§ **YOUR INSTRUCTIONS**: An exact transcription of all the records is required, minus the images.

(Saved entries)
-------------------------

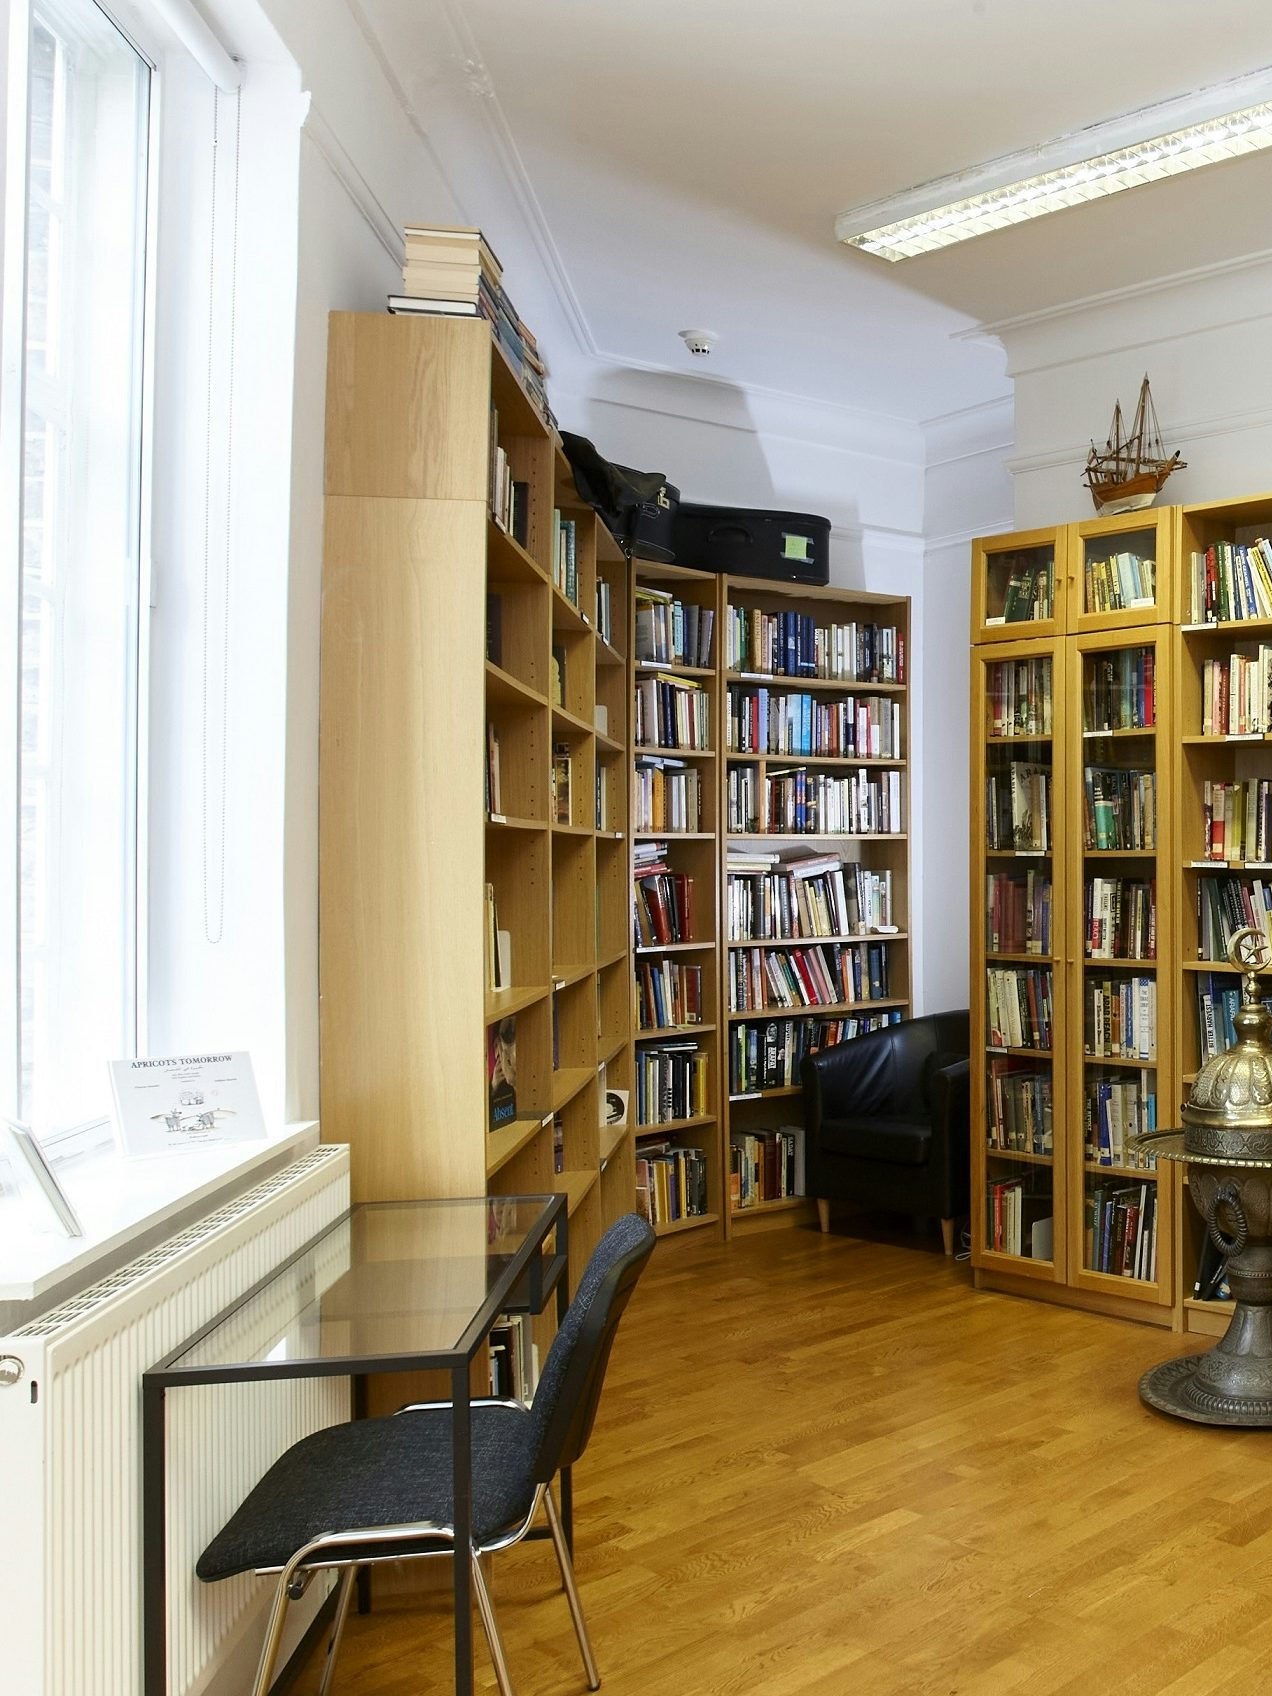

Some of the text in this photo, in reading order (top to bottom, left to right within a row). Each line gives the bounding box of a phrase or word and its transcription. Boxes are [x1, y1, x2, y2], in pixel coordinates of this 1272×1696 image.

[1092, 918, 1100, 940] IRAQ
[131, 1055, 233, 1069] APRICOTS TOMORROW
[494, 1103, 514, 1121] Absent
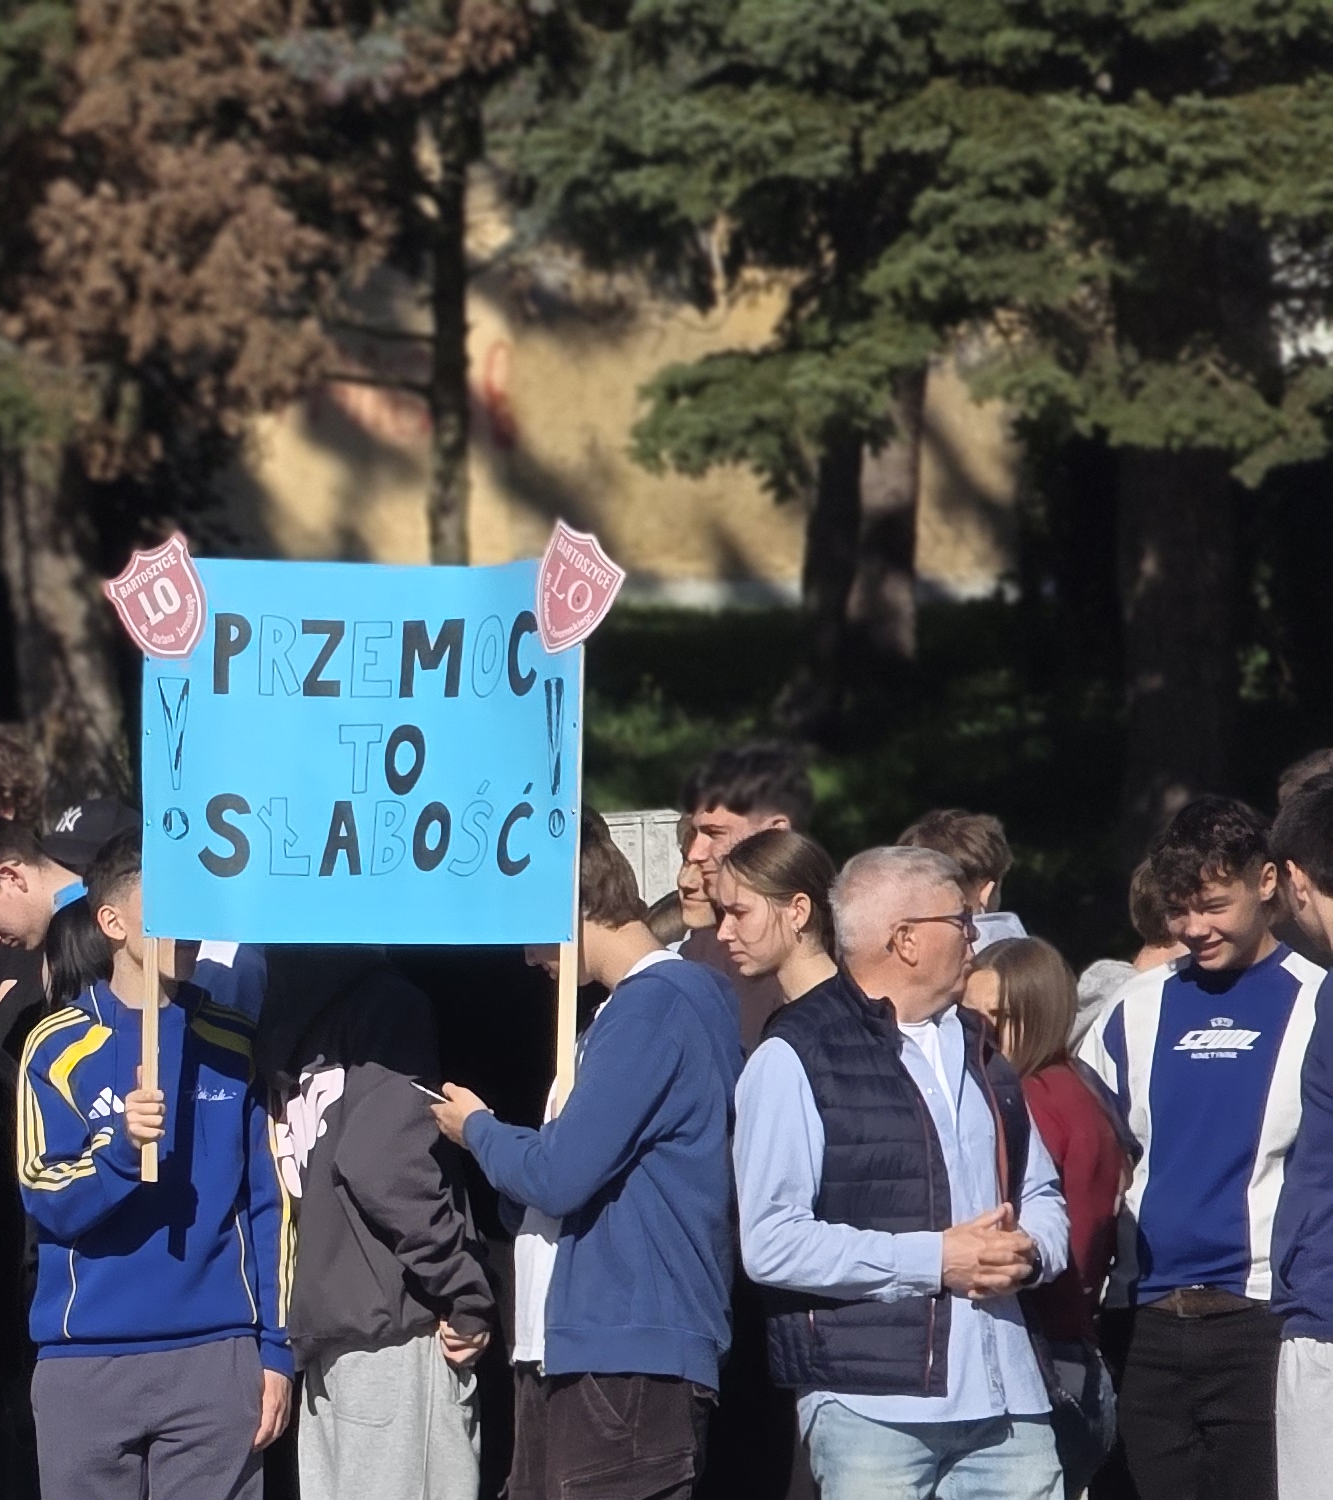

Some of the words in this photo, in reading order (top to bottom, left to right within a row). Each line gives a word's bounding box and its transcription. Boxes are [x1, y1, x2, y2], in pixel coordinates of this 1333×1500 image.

-------------------------

§ **WRITTEN SOLUTION**:
Some of the text in this photo, in reading order (top to bottom, left to right within a row). Each line gives the bounding box of a phrase or word and its transcription. Boxes are [x1, y1, x2, y2], in pixel coordinates of this 1272×1696 image.

[1092, 918, 1100, 940] IRAQ
[131, 1055, 233, 1069] APRICOTS TOMORROW
[494, 1103, 514, 1121] Absent

Some of the words in this photo, in reading order (top to bottom, left to right within a row). Each line gives a word's bounding box and its transcription. Boxes are [x1, y1, x2, y2], in pixel coordinates of this 1333×1500 image.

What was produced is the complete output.